A Quick Guide¶
To use Koko, there are three simple steps that you need to know about:
- Installing Koko
- Running Koko
- Writing queries using Koko.
Here, we discuss each of these steps briefly.
Installation¶
Koko is a registered on PyPi and can be simply installed using the following command:
pip install pykoko
Note: The current version of Koko is only compatible with Python 3.
Running Koko¶
To run Koko, we first need to have a basic query to execute. We will discuss the syntax and semantics of Koko queries in the next section, but for now, let’s focus on a simple task.
Which characters from Les Miserables introduce themselves in the book?
We can obtain a copy of the book from
http://www.gutenberg.org/files/135/135-0.txt. The next step would be to write a
simple query in a query file (let’s call it miserables.koko
) as follows.
extract "Ents" x from "135-0.txt" if
("My name is" x {0.1})
with threshold 0.0
The query above simply states that we are interested in entities (or "Ents"
)
that follow right after the words My name is
from the specified text file.
Every name that matches this pattern receives a score of 0.1
. The threshold
allows us to exclude entities with a low score, but in this case we are
interested to extract all the names matching our specified pattern.

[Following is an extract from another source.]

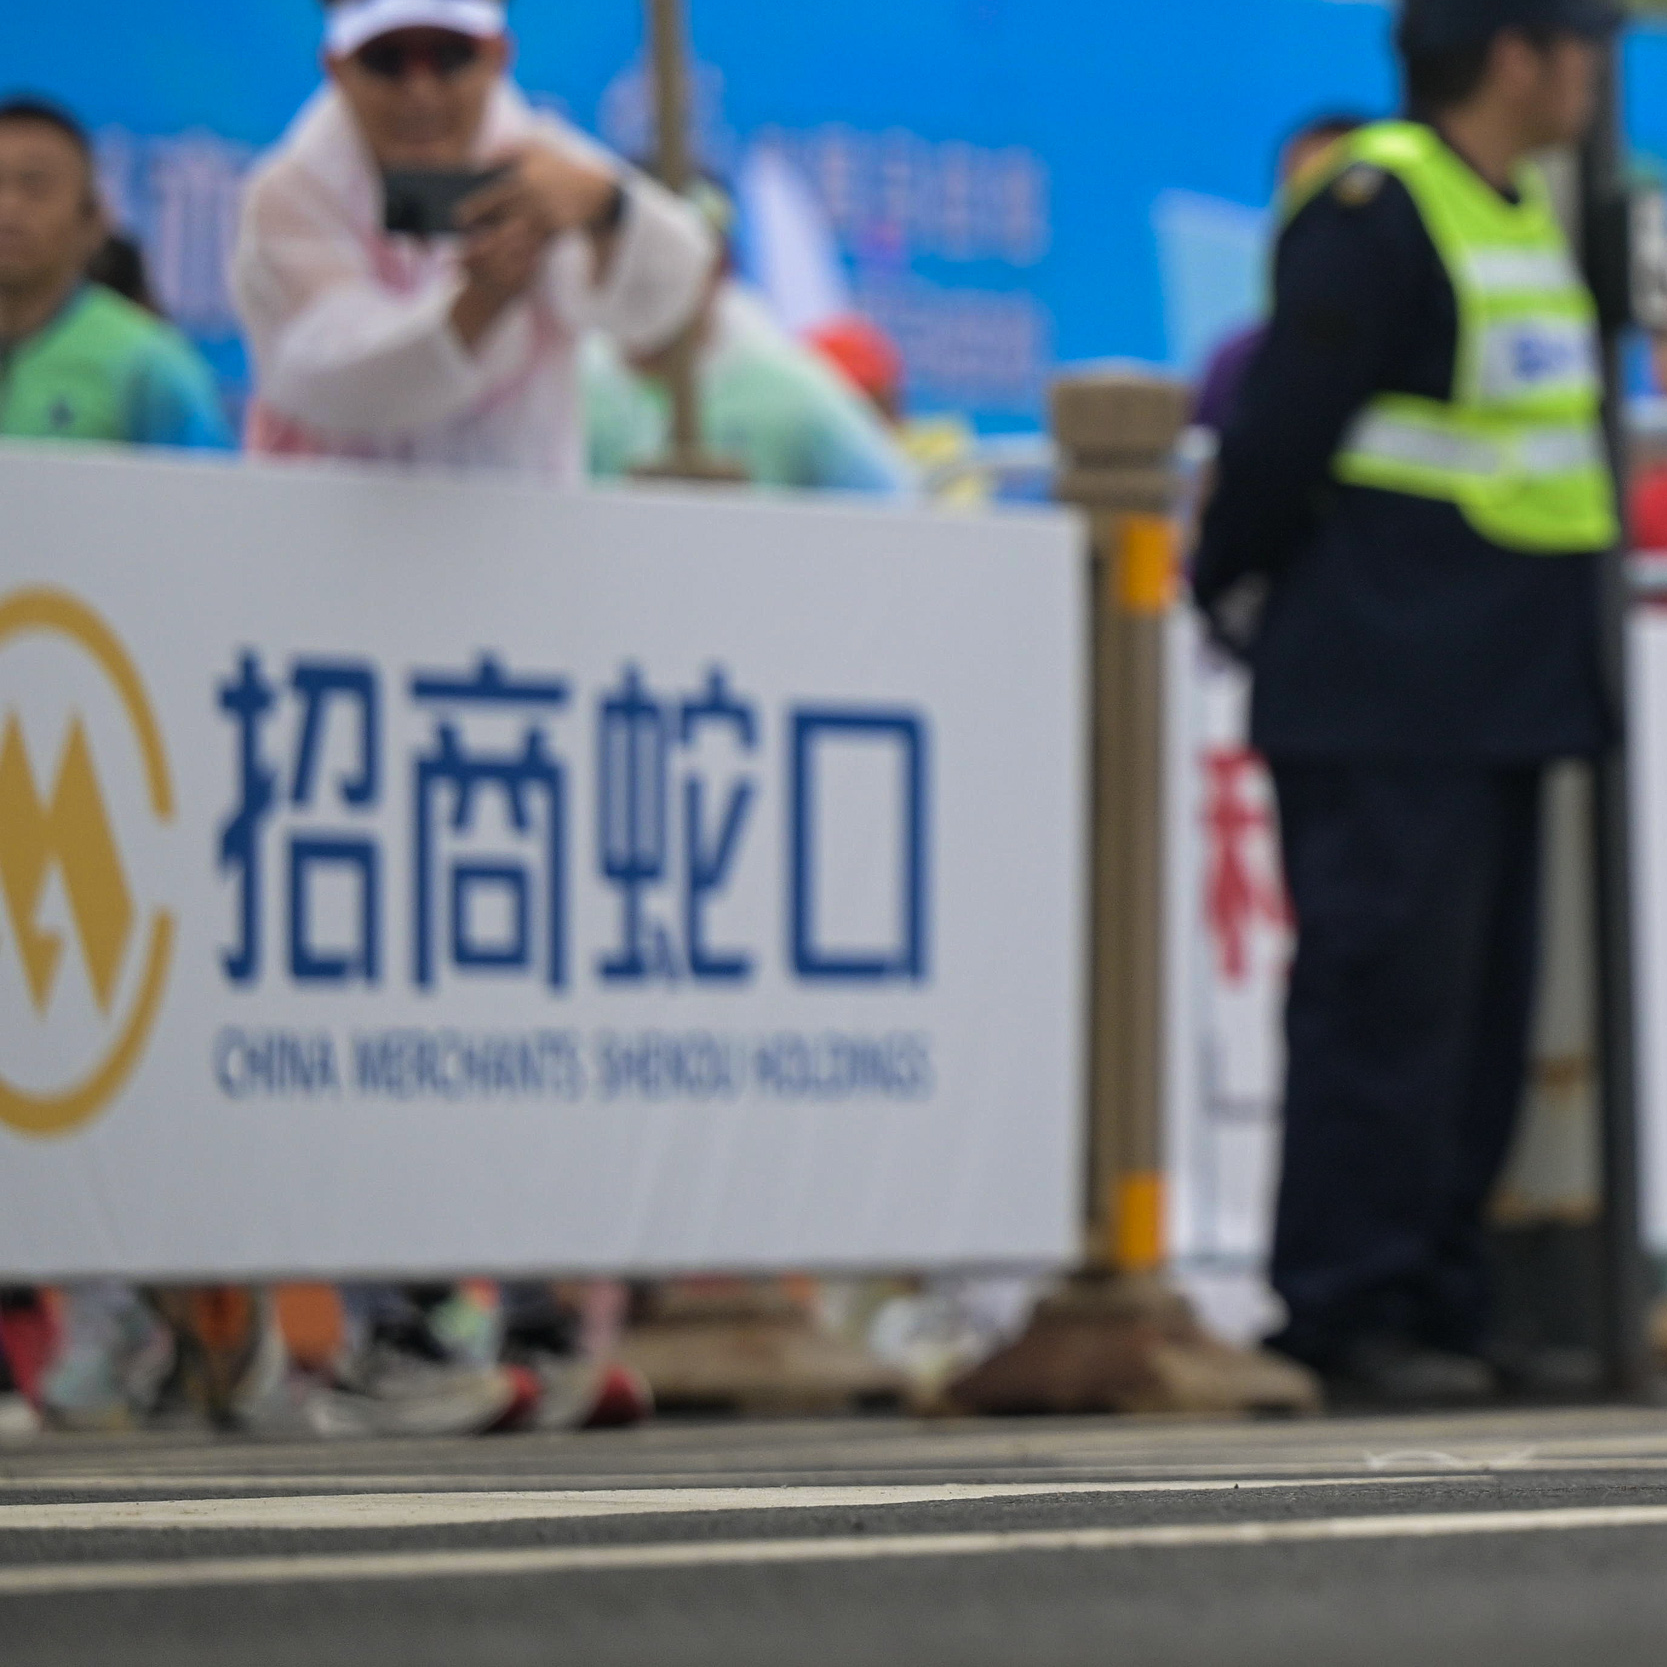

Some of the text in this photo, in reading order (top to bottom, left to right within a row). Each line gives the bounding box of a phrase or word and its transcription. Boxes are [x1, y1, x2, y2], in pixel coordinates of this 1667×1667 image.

[215, 645, 933, 993] 招商蛇口
[214, 1026, 339, 1100] CHINA
[353, 1026, 585, 1100] MERCHANTS

Now we can run koko in a python script as follows:
import koko
koko.run('miserables.koko')
and the results would be as follows:
Results:
Entity name Entity score
===============================================================
Thénardier 0.200000
Marius 0.200000
Marius Pontmercy 0.200000
Bienvenu Myriel 0.100000
Jean Valjean 0.100000
Félix Tholomyès 0.100000
Madame Thénardier 0.100000
Champmathieu 0.100000
Pontmercy 0.100000
Gribier 0.100000
Lesgle 0.100000
Éponine 0.100000
Cosette 0.100000
Euphrasie 0.100000
Eight 0.100000
Writing Koko Queries¶
Here, we discuss the expressive power of Koko queries and how Koko queries can be crafted. We start by describing the generic structure of a koko query.
The following shows the structure of a koko query which consists of four main parts.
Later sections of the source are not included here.